Allowance for Credit Losses
The allowance for credit losses is based upon management's estimates of
potential loan and lease losses and is maintained at a level considered adequate
for losses that can be reasonably estimated. The allowance is increased by
provisions charged to expense and reduced by net charge-offs. In evaluation of
the adequacy of the allowance balance, the Fund considers its past loan and
lease loss experience, the inherent risks in the portfolio, adverse situations
that may affect the borrower's ability to repay, the estimated value of any
underlying collateral, and other relevant factors. The allowance for credit
losses is based on estimates, and ultimate losses may vary from current
estimates.
Cash and Cash Equivalents
Cash and cash equivalents consist of cash on hand, demand deposits in banks and
repurchase agreements with original maturities of 90 days or less.
Loans and Leases
Unearned income and commitment fees on loans and leases are recognized using the
effective interest method over the term of the loan or lease. Commitment fees
represent fees received for commitments upon which no drawdowns have yet been
made. When the first draw is made, the fee is included in unearned income and
recognized as described above.
Federal Tax Status
As long as the Fund qualifies as a RIC, it will not pay any federal or state
corporate income tax on income that is distributed to shareholders (pass-through
status). Should the Fund lose its qualification as a RIC, it could be taxed as
an ordinary corporation on its taxable income for that year (even if that income
is distributed to its shareholders), and all distributions out of its earnings
and profits will be taxable to shareholders as ordinary income.
21
<PAGE>
3. LOANS AND LEASES:
Loans and leases generally are made to borrowers pursuant to commitments whereby
the Fund commits to finance assets up to a specified amount for the term of the
commitments, upon the terms and subject to the conditions specified by such
commitment.
The Fund provides asset-based financing primarily to start-up and emerging
growth venture-capital-backed companies. As a result, the Fund is subject to
general credit risk associated with such companies.
The Fund's policy is to place a loan on nonaccrual status when either principal
or interest has become past due for 90 days or more. When a loan is placed on
nonaccrual status, all interest previously accrued but not collected is
reversed. As of June 30, 1997, the Fund had loan balances outstanding of
$3,602,098 to two borrowers that were carried on a nonaccrual basis. Foregone
interest income on nonaccrual loans for the year ended June 30, 1997, was
$298,141.
4. WARRANTS AND STOCK:
At June 30, 1997, the Fund held 4,854,933 warrants to purchase shares of common
and preferred stock in 65 companies, of which 9 companies are publicly traded.
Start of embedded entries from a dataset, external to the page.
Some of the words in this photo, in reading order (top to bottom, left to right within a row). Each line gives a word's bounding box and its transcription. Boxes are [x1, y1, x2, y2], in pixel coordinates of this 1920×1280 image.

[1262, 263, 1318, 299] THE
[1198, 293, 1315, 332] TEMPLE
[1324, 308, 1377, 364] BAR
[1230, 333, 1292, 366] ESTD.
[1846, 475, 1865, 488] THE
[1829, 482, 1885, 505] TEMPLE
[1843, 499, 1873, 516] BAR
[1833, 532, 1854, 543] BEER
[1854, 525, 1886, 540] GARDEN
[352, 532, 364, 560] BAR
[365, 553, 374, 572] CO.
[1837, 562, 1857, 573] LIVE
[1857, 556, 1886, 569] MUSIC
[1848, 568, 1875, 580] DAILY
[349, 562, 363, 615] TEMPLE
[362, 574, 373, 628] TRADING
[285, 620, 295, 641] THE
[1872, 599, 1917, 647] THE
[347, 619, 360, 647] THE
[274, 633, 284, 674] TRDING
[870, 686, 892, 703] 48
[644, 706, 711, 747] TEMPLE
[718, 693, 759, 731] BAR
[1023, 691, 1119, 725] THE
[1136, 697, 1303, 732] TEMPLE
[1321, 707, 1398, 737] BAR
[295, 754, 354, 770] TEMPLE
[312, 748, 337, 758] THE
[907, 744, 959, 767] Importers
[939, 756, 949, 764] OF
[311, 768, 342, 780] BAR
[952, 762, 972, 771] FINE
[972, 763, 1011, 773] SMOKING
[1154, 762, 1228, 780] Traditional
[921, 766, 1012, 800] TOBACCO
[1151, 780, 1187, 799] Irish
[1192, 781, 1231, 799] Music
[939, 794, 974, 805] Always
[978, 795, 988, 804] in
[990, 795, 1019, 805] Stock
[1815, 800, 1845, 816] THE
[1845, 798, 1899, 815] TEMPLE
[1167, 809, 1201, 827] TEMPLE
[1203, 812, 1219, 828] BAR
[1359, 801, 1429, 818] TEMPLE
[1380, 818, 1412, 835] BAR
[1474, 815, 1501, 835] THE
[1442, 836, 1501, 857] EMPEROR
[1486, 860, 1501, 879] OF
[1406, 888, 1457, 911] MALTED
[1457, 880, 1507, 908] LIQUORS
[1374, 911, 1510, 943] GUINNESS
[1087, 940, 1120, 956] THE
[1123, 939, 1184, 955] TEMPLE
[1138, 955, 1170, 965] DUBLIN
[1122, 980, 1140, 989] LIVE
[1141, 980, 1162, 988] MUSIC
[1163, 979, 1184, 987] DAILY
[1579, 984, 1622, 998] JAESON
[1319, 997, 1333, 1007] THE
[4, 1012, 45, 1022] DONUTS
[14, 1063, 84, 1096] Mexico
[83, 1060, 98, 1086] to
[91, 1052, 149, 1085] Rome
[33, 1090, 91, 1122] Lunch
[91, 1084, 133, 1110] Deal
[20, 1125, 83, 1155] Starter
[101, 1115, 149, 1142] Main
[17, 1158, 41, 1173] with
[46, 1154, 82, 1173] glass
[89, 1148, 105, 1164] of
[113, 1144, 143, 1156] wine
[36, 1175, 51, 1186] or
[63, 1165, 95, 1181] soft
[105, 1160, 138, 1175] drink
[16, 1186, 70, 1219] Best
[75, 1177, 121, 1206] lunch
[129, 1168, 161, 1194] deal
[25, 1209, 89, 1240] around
The quoted market value of the stock underlying the warrants issued by the
publicly traded companies, adjusted for illiquidity, was $1,395,557. The
following is a summary of the activity for investments in warrants and
investments in stocks for the year ended June 30, 1997:
Investments in warrants:
Balance, June 30, 1996 $1,772,701
Acquisition of warrants 716,000
Conversion of warrants to stock (956,965)
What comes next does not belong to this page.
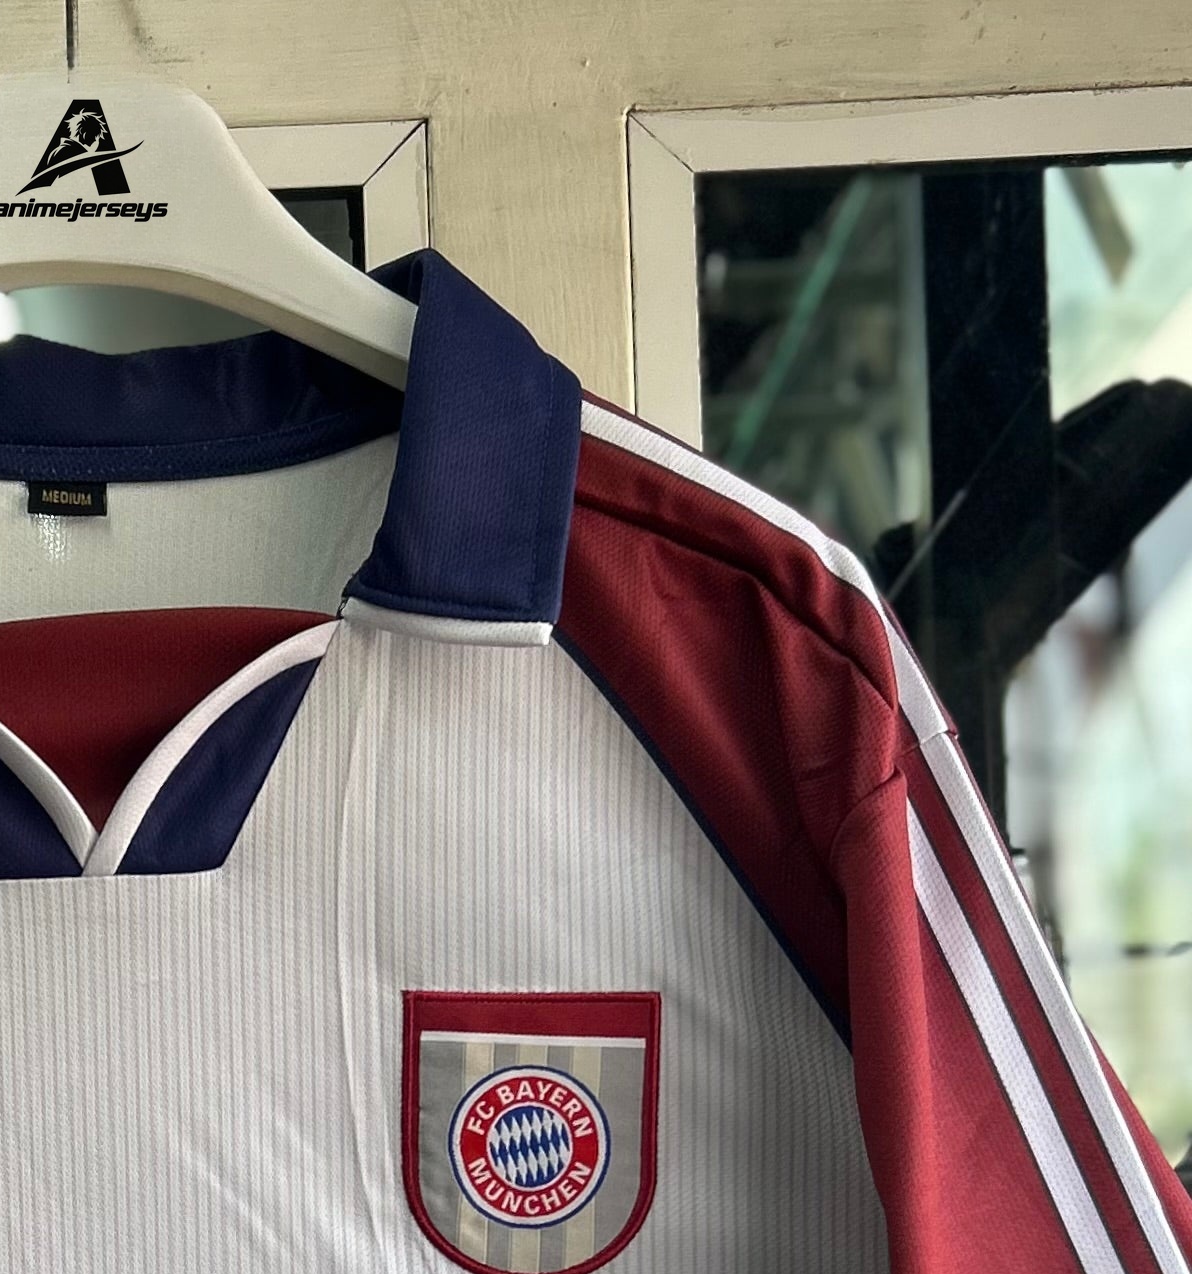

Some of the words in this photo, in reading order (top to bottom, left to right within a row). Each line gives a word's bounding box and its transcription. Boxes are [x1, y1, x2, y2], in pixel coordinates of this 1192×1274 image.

[41, 489, 92, 506] MEDIUM
[467, 1101, 495, 1136] FC
[496, 1080, 593, 1138] BAYERN
Net change in unrealized gain 750,506
------------
Balance, June 30, 1997 $2,282,242
============
Investments in stocks:
Balance, June 30, 1996 $ 0
Conversion of warrants to stock 956,965
Net change in unrealized gain 214,992
------------
Balance, June 30, 1997 $1,171,957
============
Restricted equity securities for which a public market exists are valued with
reference to the market price for unrestricted equity securities of the same
issuers, taking into consideration various factors as applicable, including the
nature of the market in which the securities are traded, the amount of the
public float, the existence and terms of any registration rights, the proportion
of the issuer's securities held by the Fund, the price at which the securities
in question were acquired relative to the market price for unrestricted
securities at the time of issuance, changes in the issuer's financial conditions
or prospects, and other factors that may affect their fair value. Restricted
securities for which an established market exists are valued at a discount from
their value determined by the foregoing methods, with the amount of the discount
decreasing as the restriction period decreases.
22
<PAGE>
The remainder of the warrants issued by private companies did not have a readily
ascertainable market value and were assigned a minimal value at the time of
acquisition. These warrants had a value of $886,685 at June 30, 1997.
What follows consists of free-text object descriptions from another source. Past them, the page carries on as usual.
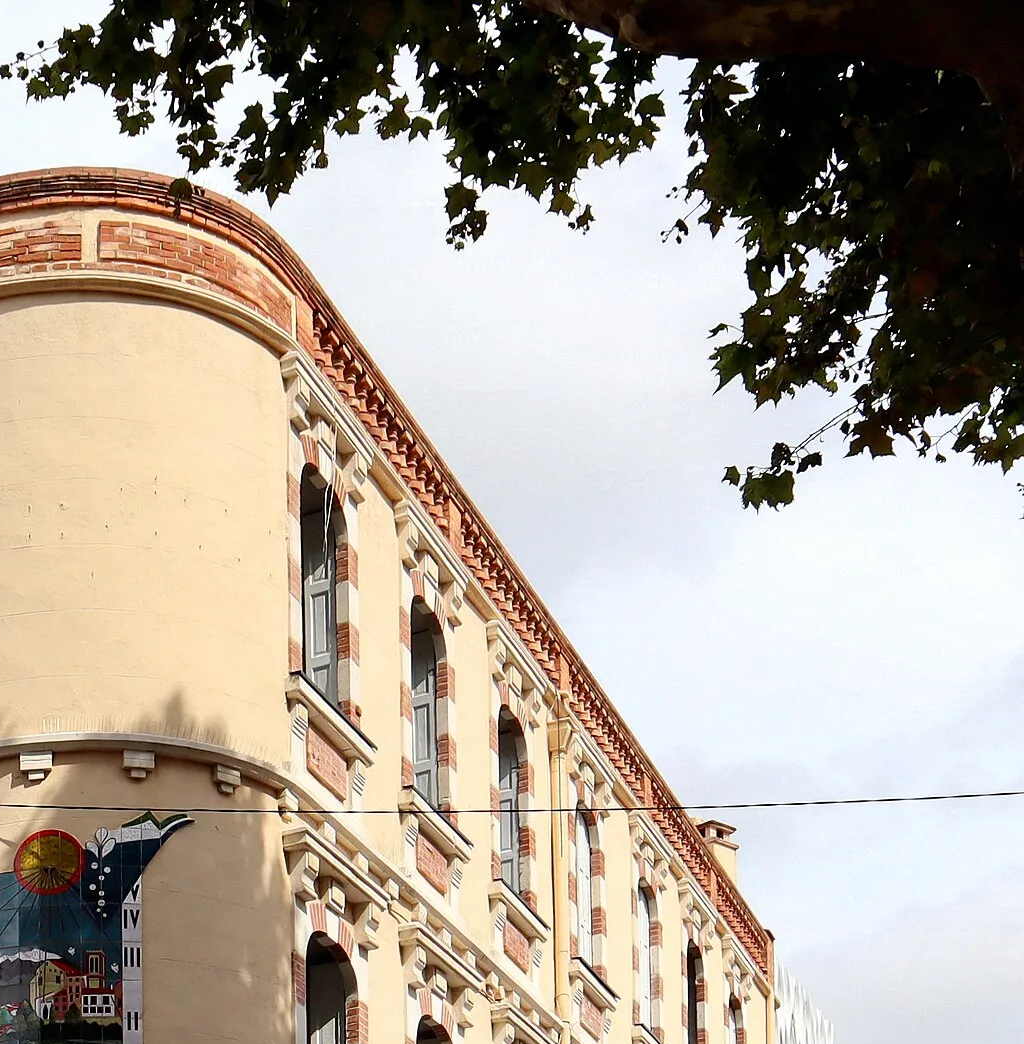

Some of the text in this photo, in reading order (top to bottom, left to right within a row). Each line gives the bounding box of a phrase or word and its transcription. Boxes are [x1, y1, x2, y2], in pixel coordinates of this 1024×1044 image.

[123, 909, 140, 929] IV
[123, 947, 141, 967] III
[127, 1011, 139, 1031] II
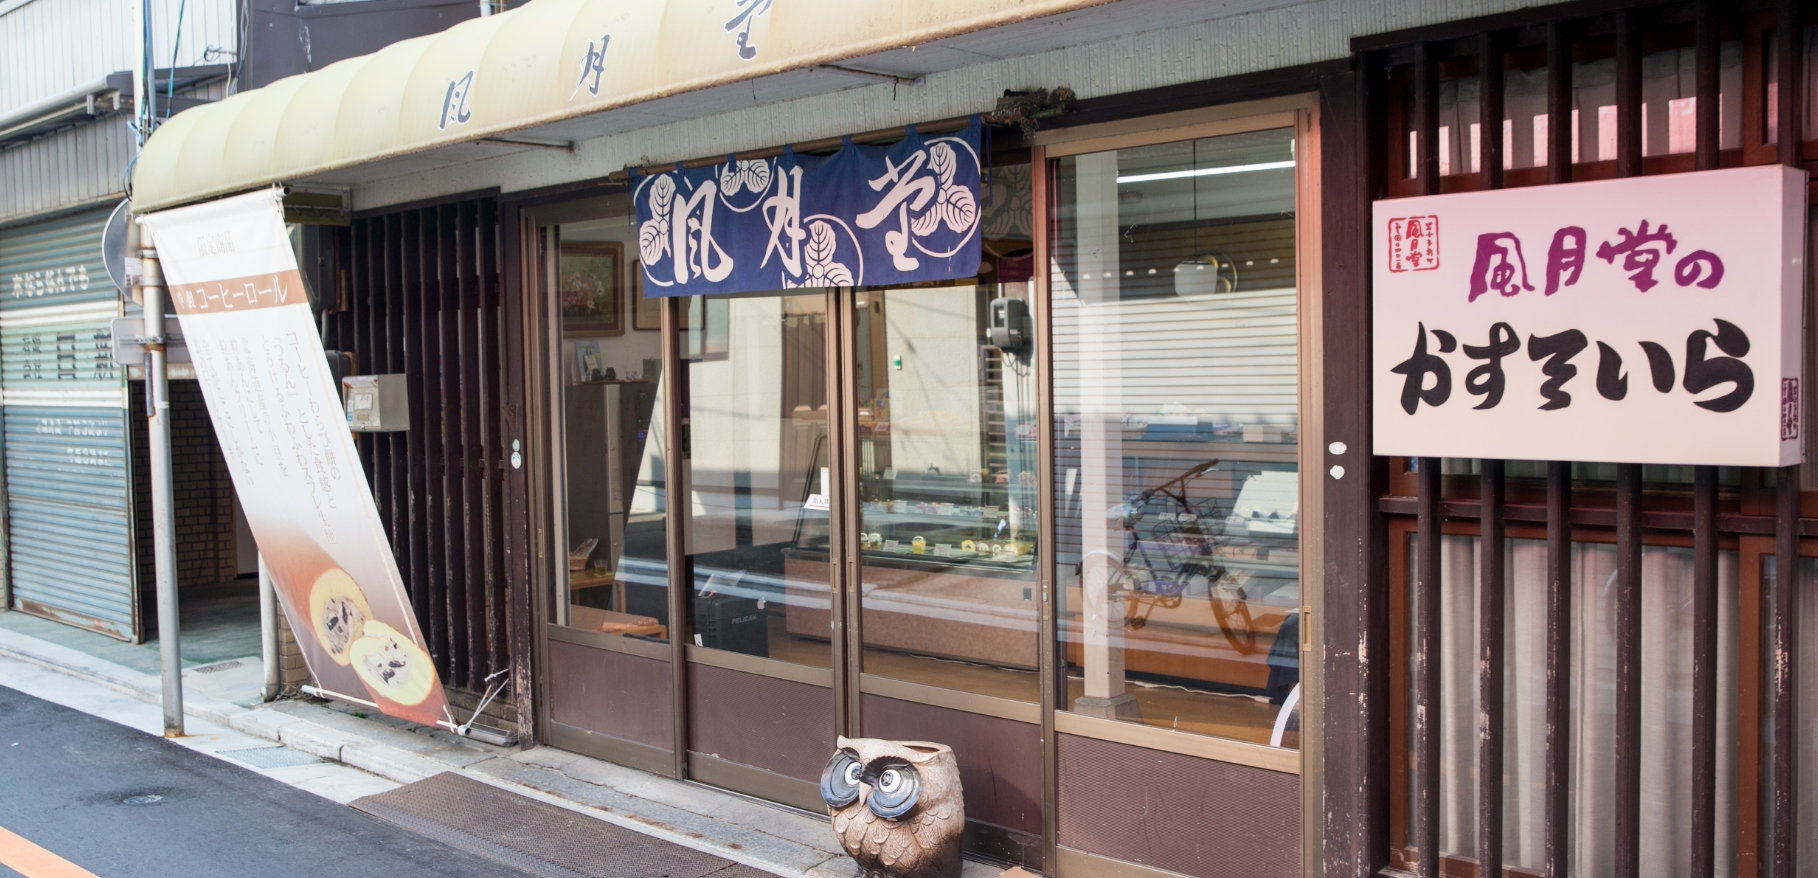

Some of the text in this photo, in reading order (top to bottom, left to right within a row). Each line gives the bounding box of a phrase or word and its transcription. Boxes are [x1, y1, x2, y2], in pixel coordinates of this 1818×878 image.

[672, 150, 941, 285] 風月堂
[1467, 219, 1725, 303] 風月堂の
[731, 614, 757, 625] PELICAN
At June 30, 1997, the Fund held 409,998 shares of common stock of companies,
which were received when the Fund exercised its warrants in the companies, which
had a cost basis of $103,429. The quoted market value of the stock, adjusted for
illiquidity, was $1,171,957.
During the year, the Fund realized a gain of $1,463,670 on the sale of 35,000
shares of common stock, which had a cost basis of $20,646 and an unrealized gain
of $974,017.
5. LONG-TERM DEBT FACILITY:
The Fund has in place a $45 million bank revolving credit facility to finance
the acquisition of asset-based loans and leases. The interest-only period of the
revolving credit facility expires September 27, 1997, and then the principal
balance becomes a four-year term loan. The facility can be drawn on from time to
time during the interest-only portion of the commitment period. However, the
commitment period can be terminated earlier by the Fund through the prepayment
of outstanding principal balances, provided that the lenders are given notice.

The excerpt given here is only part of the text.